▸ **Problem description**
Apart from the pictures, print the data below exactly as given.

▸ **Source information**
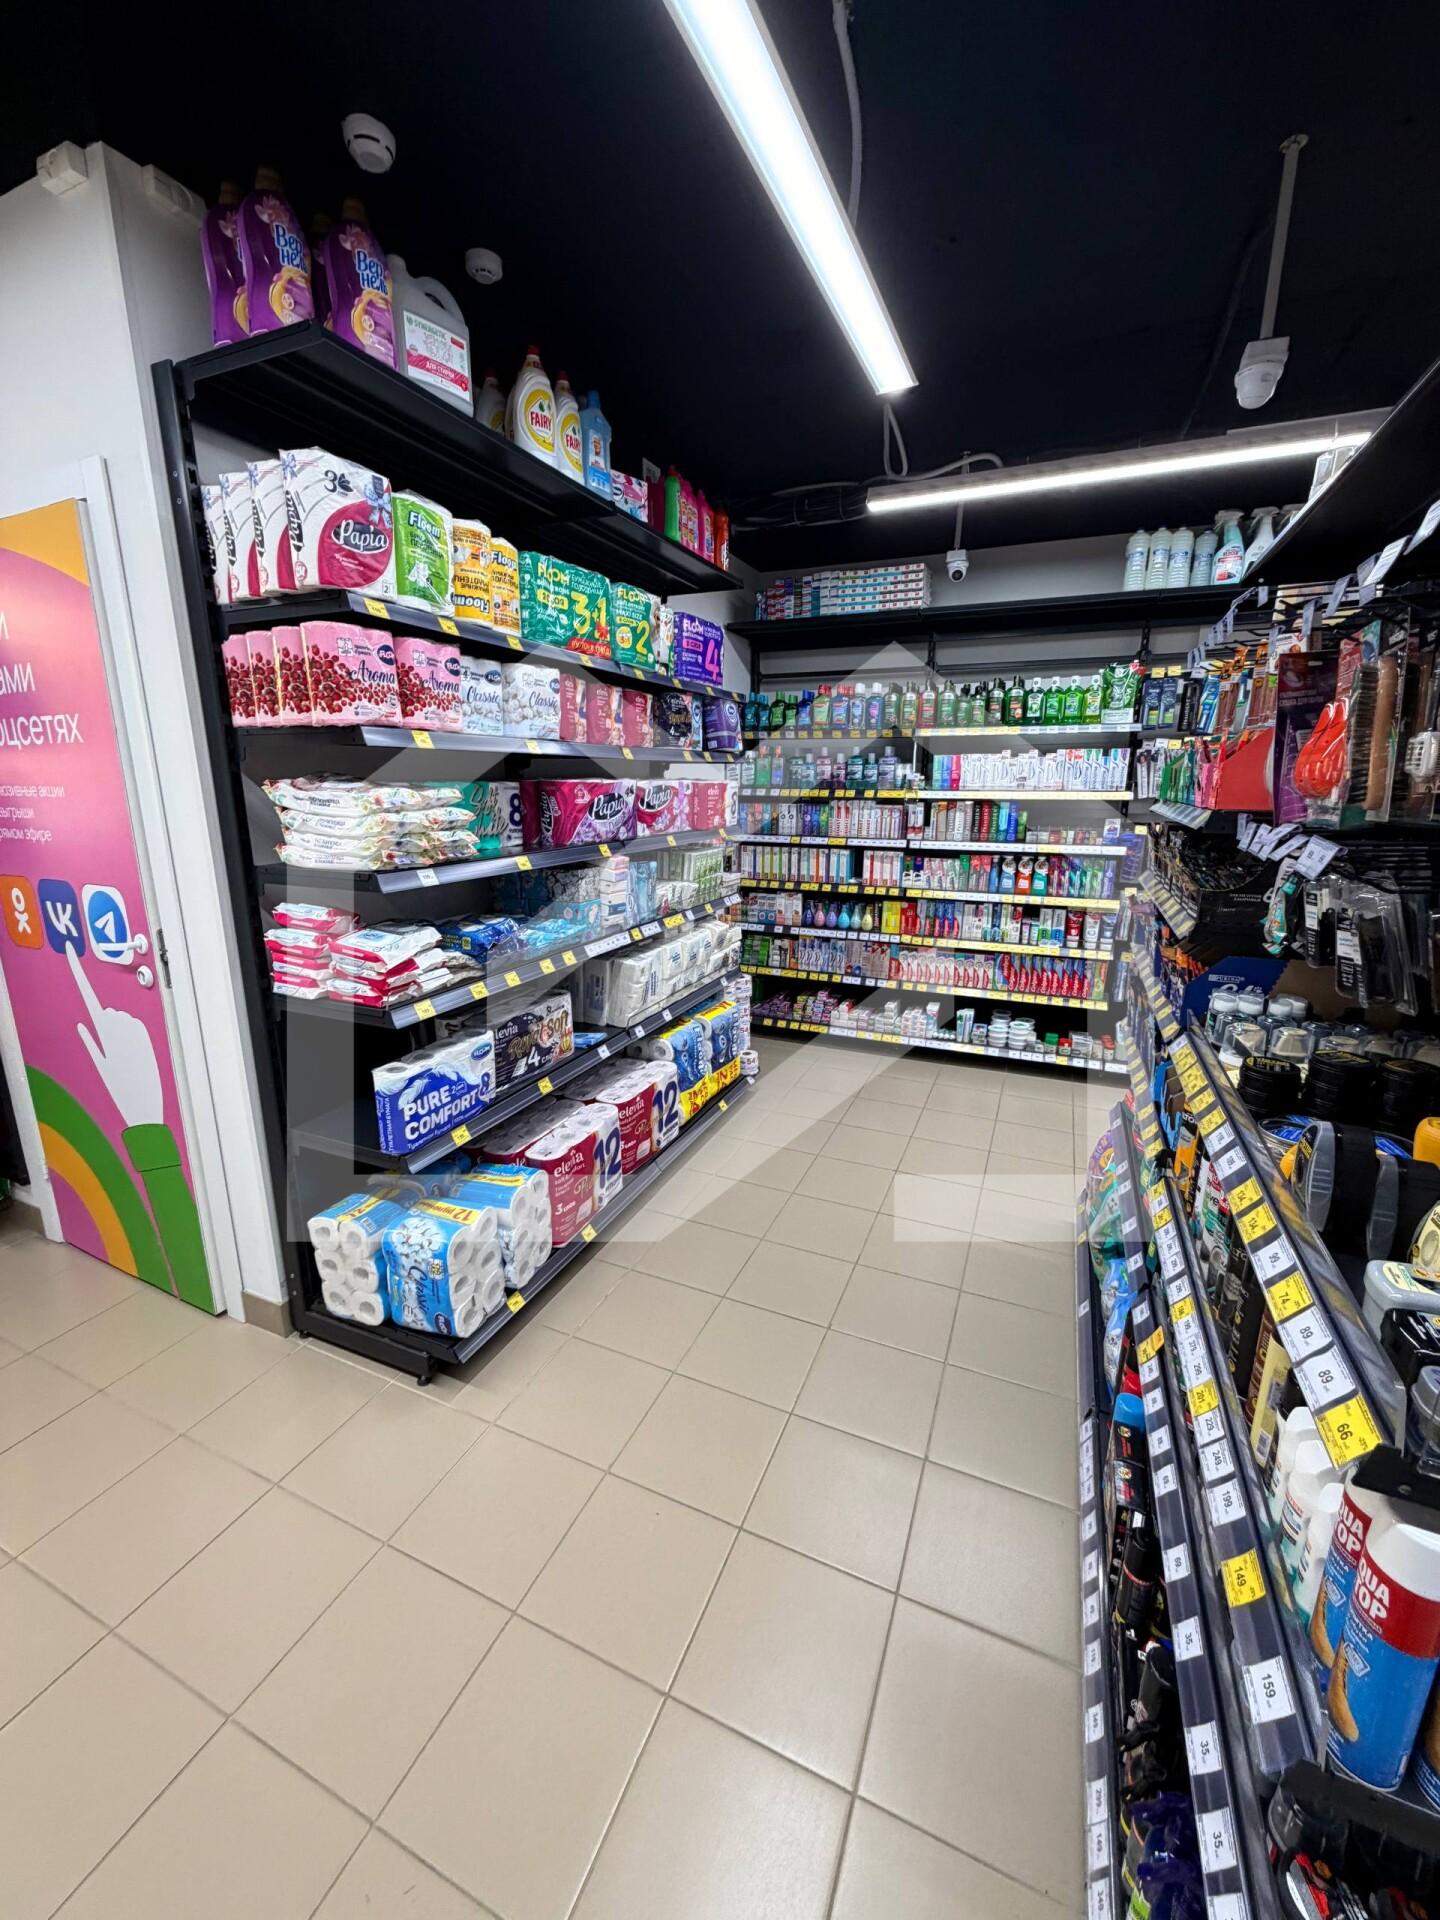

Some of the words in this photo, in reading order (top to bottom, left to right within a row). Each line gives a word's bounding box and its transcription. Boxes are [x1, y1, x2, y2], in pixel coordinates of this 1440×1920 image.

[530, 411, 552, 432] FAIRY
[565, 433, 581, 450] FAIRY
[340, 519, 386, 552] Papia
[0, 662, 36, 696] ами
[0, 713, 84, 750] цсетях
[592, 793, 625, 819] Papia
[645, 784, 673, 810] Papia
[509, 793, 521, 827] 8
[495, 1022, 519, 1040] levia
[528, 1046, 541, 1067] 4
[480, 1072, 491, 1097] 8
[403, 1085, 452, 1122] PURE
[404, 1089, 478, 1141] COMFORT
[652, 1081, 679, 1134] 12
[593, 1126, 622, 1189] 12
[1248, 1217, 1259, 1230] 134
[1267, 1252, 1279, 1265] 99
[1277, 1291, 1291, 1306] 74
[1299, 1325, 1314, 1341] 89
[1317, 1368, 1335, 1385] 89
[1336, 1422, 1354, 1442] 66
[1211, 1450, 1223, 1468] 249
[1222, 1489, 1234, 1515] 199
[1337, 1499, 1364, 1541] QUA
[1335, 1520, 1361, 1553] OP
[1232, 1566, 1248, 1588] 149
[1357, 1556, 1390, 1609] QUA
[1354, 1578, 1388, 1620] TOP
[1185, 1632, 1193, 1646] 35
[1260, 1672, 1277, 1700] 159
[1200, 1740, 1210, 1756] 35
[1213, 1830, 1222, 1849] 35
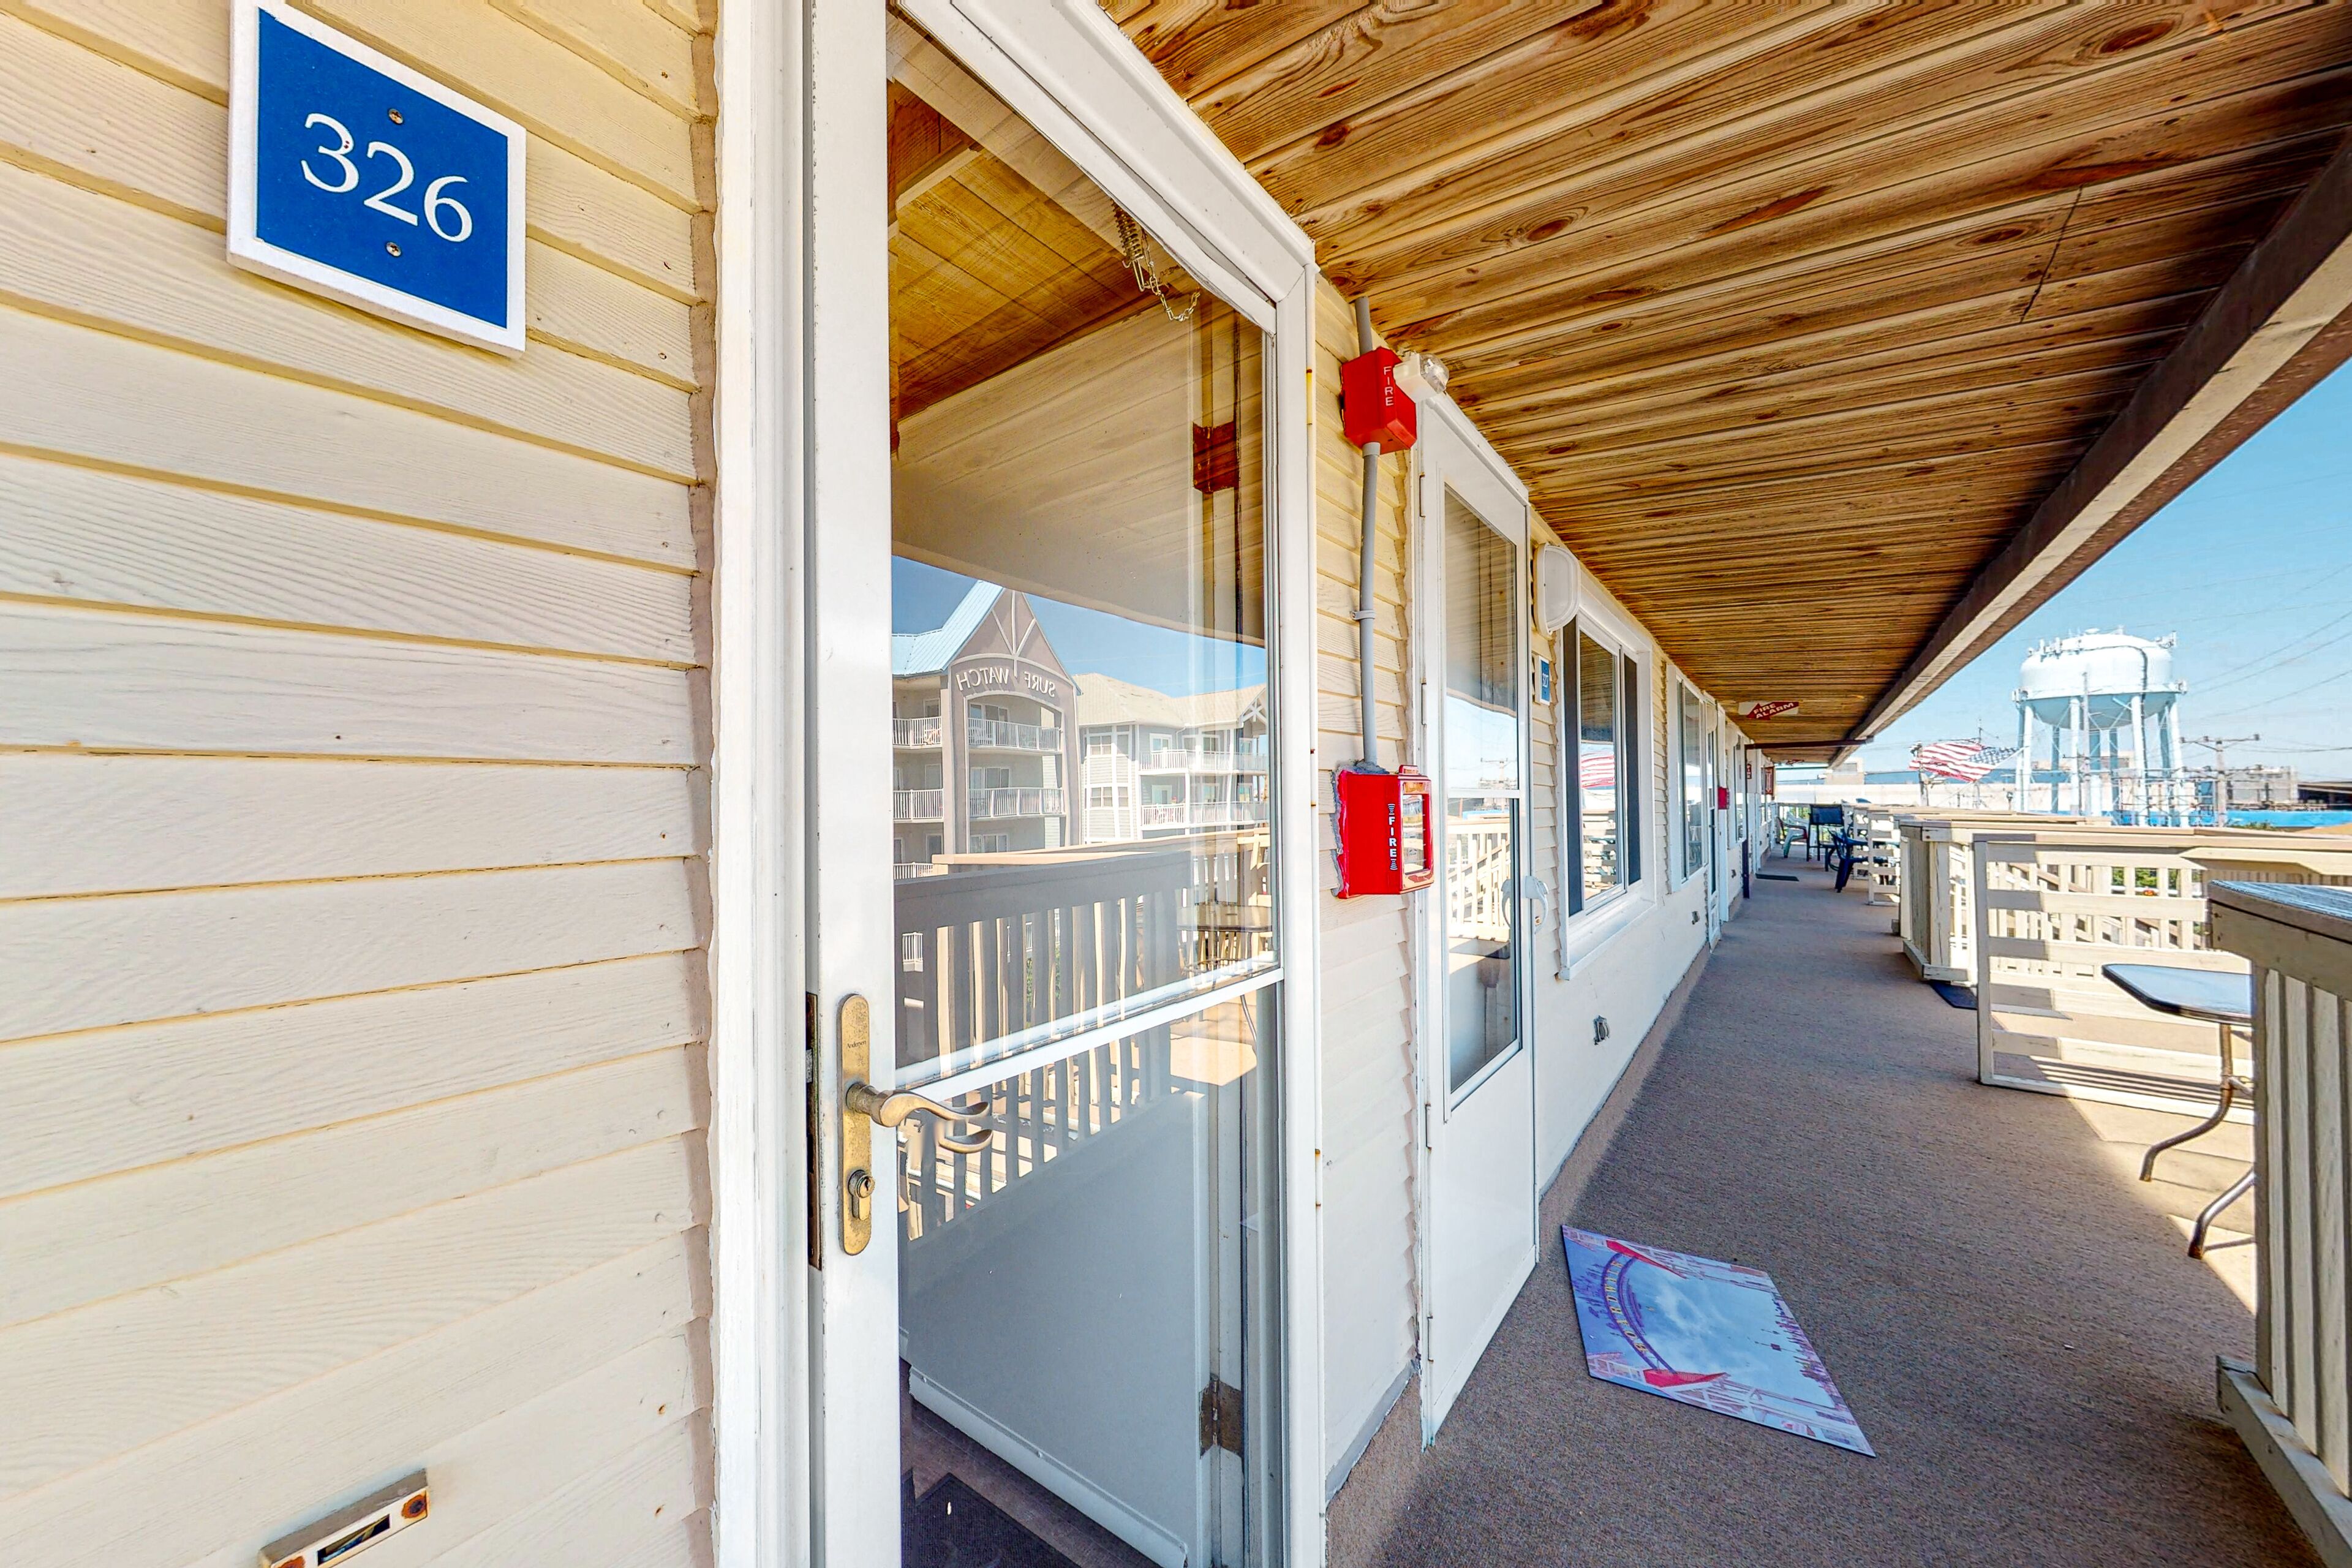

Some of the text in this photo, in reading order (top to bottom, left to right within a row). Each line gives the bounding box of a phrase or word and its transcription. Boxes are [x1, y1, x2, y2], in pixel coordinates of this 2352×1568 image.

[300, 113, 473, 243] 326
[1384, 366, 1393, 406] FIRE
[1754, 704, 1776, 714] FIRE
[1756, 703, 1794, 718] ALARM
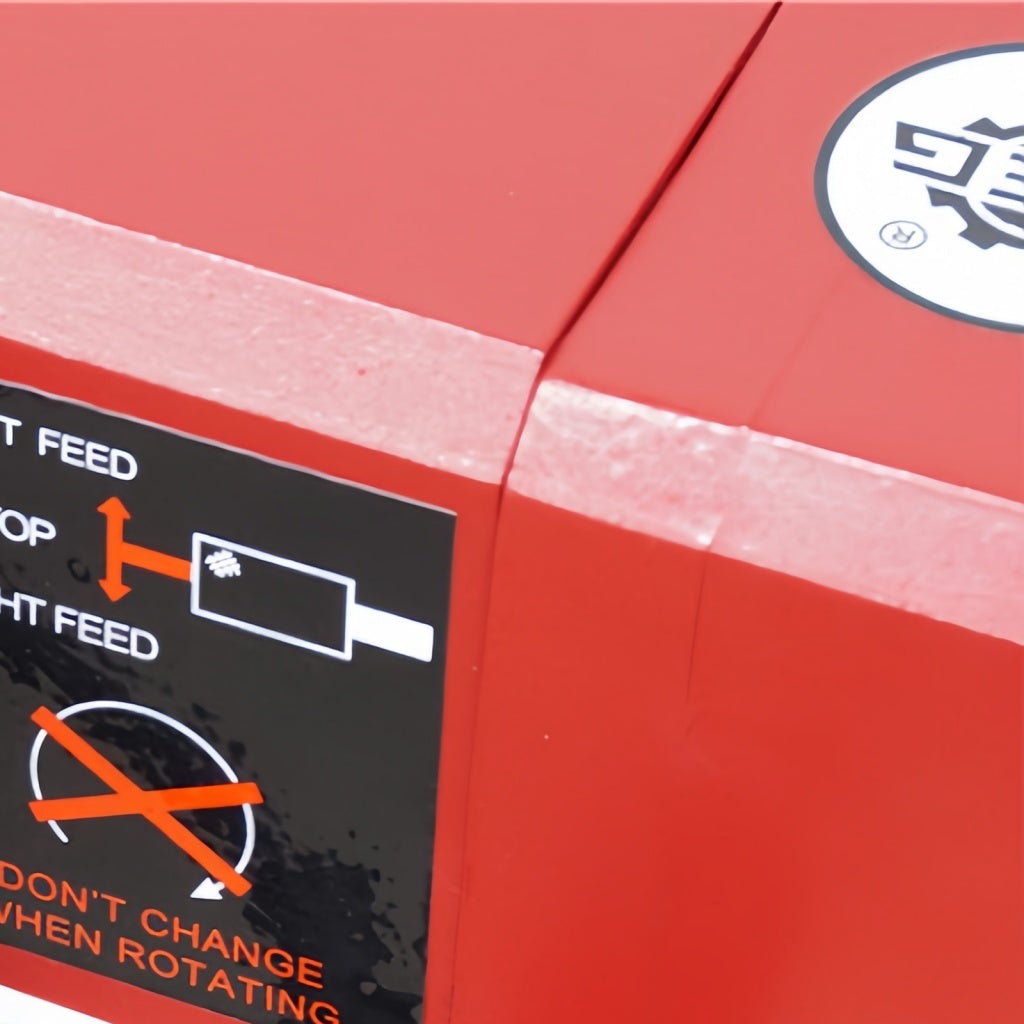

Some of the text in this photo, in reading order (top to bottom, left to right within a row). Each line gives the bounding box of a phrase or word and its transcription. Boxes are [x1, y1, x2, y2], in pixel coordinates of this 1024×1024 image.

▸ **Response**
Some of the words in this photo, in reading order (top to bottom, left to right within a row). Each line gives a word's bounding box and its transcription. Boxes are [x1, y1, x2, y2], in pixel coordinates of this 1440×1920 image.

[530, 411, 552, 432] FAIRY
[565, 433, 581, 450] FAIRY
[340, 519, 386, 552] Papia
[0, 662, 36, 696] ами
[0, 713, 84, 750] цсетях
[592, 793, 625, 819] Papia
[645, 784, 673, 810] Papia
[509, 793, 521, 827] 8
[495, 1022, 519, 1040] levia
[528, 1046, 541, 1067] 4
[480, 1072, 491, 1097] 8
[403, 1085, 452, 1122] PURE
[404, 1089, 478, 1141] COMFORT
[652, 1081, 679, 1134] 12
[593, 1126, 622, 1189] 12
[1248, 1217, 1259, 1230] 134
[1267, 1252, 1279, 1265] 99
[1277, 1291, 1291, 1306] 74
[1299, 1325, 1314, 1341] 89
[1317, 1368, 1335, 1385] 89
[1336, 1422, 1354, 1442] 66
[1211, 1450, 1223, 1468] 249
[1222, 1489, 1234, 1515] 199
[1337, 1499, 1364, 1541] QUA
[1335, 1520, 1361, 1553] OP
[1232, 1566, 1248, 1588] 149
[1357, 1556, 1390, 1609] QUA
[1354, 1578, 1388, 1620] TOP
[1185, 1632, 1193, 1646] 35
[1260, 1672, 1277, 1700] 159
[1200, 1740, 1210, 1756] 35
[1213, 1830, 1222, 1849] 35

Some of the text in this photo, in reading order (top to bottom, left to right within a row). Each line gives the bounding box of a phrase or word and its transcription. Boxes are [x1, y1, x2, y2], in pixel coordinates of this 2352×1568 image.

[300, 113, 473, 243] 326
[1384, 366, 1393, 406] FIRE
[1754, 704, 1776, 714] FIRE
[1756, 703, 1794, 718] ALARM

Some of the text in this photo, in reading order (top to bottom, left to right within a row). Each line gives the bounding box of a phrase or word and its transcription. Boxes are [x1, y1, x2, y2], in pixel coordinates of this 1024×1024 image.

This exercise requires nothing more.